Photo Credit: James J. Reddington
Writing for Stage and Screen
KATE SNODGRASS has taught in the Lesley University MFA in Creative Writing program since 2008. She moonlights as the Artistic Director of Derek Walcott’s Boston Playwrights’ Theatre and directs the MFA in Playwriting program at Boston University. She is the Co-Founder of the Boston Theater Marathon, now in its 22nd year. A StageSource 2001 “Theatre Hero,” she was awarded Boston’s Theatre Critics’ Elliot Norton Award for Sustained Excellence in 2012. The author of the Heideman Award-winning play Haiku, and the winner of two IRNE Awards and a Gertrude Steinberg nomination, Kate is the recipient of a 2015 Tanne Foundation Award for her passion and commitment to the Theatre. She studied acting in NYC and at the London Academy of Dramatic Arts and worked closely under Nobel Laureate Derek Walcott’s tutelage and as a colleague for 20 years until his retirement.

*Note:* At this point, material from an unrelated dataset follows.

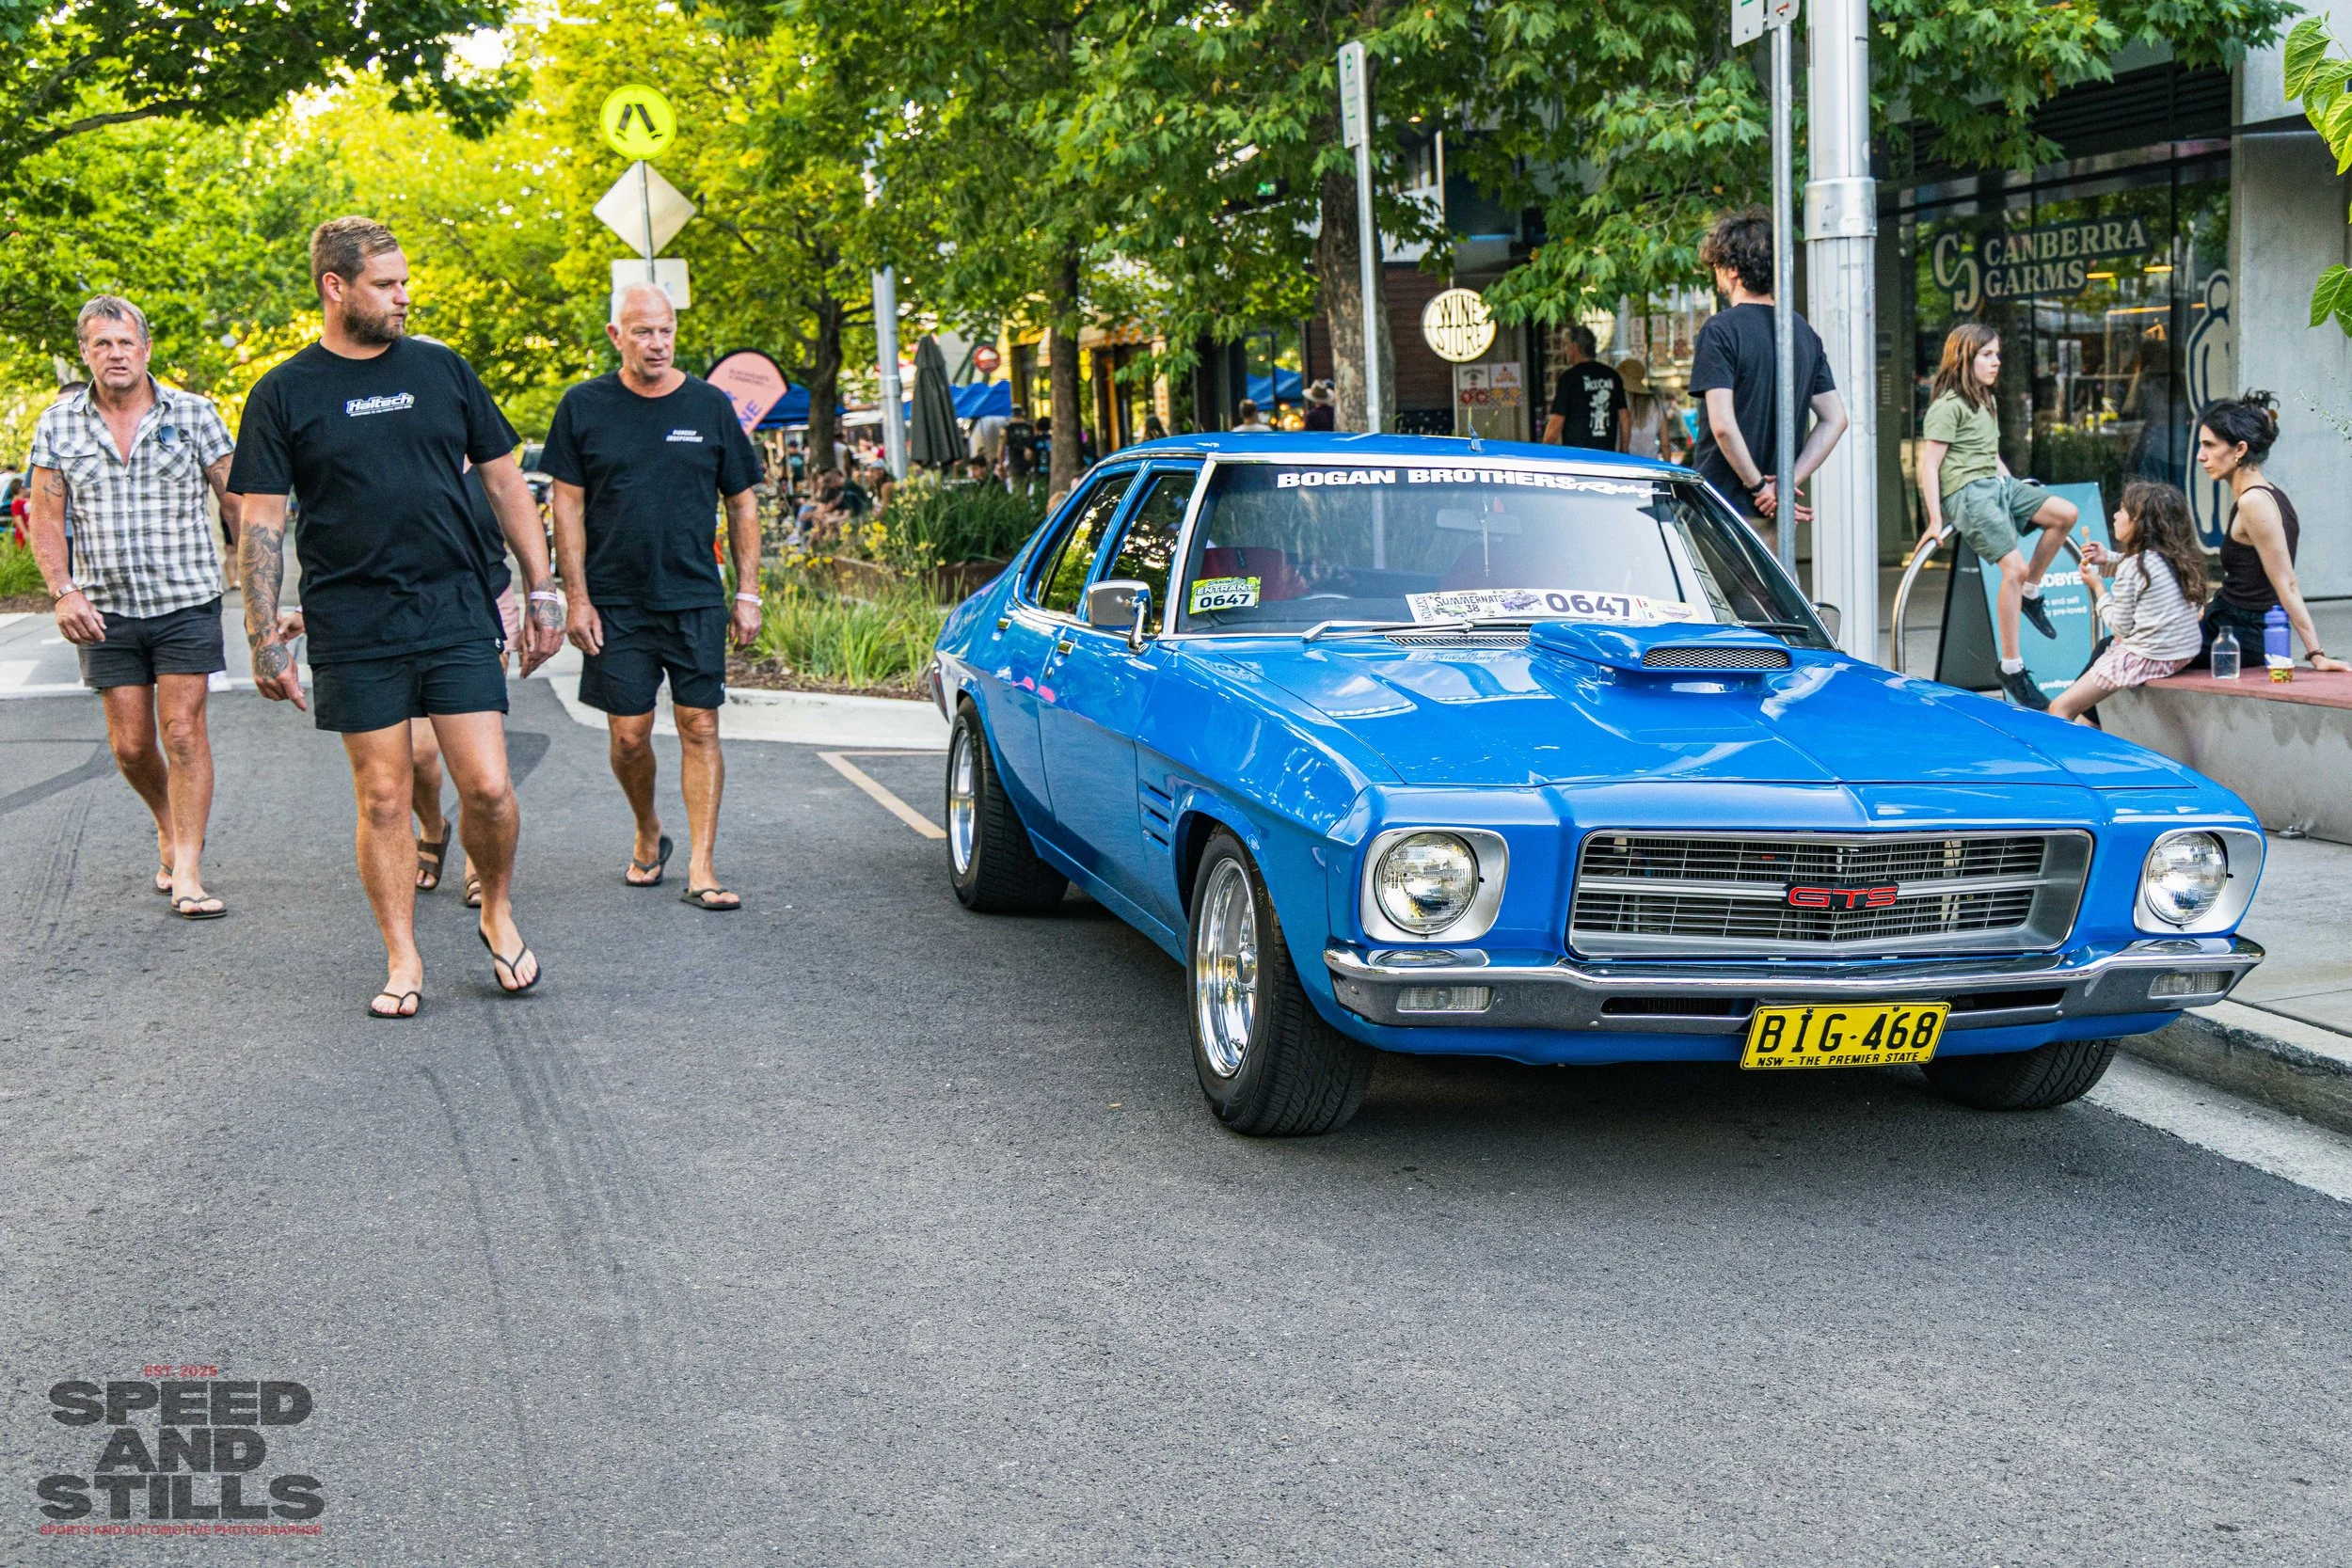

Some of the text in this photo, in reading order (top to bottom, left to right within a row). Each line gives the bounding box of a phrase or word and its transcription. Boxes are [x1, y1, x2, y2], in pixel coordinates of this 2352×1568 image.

A.J. VERDELLE is a working mother and author of The Good Negress, a novel that won five national prizes, including: a Whiting Writers Award, finalist for the PEN/Faulkner Award, for the IMPAC/Dublin Literary Award, and for the Los Angeles Times Book Prize. Verdelle also received the Vursell Distinguished Prose Fiction award from the American Academy of Arts & Letters. Verdelle has published essays about art, photography, and Hurricane Katrina. Verdelle teaches undergraduates at Morgan State University, an HBCU in Baltimore, MD and works with graduate writers in the low-residency MFA program at Lesley University. In Fall 2021, Harper/Amistad will publish A.J. Verdelle’s memoir about her relationship with the late Toni Morrison.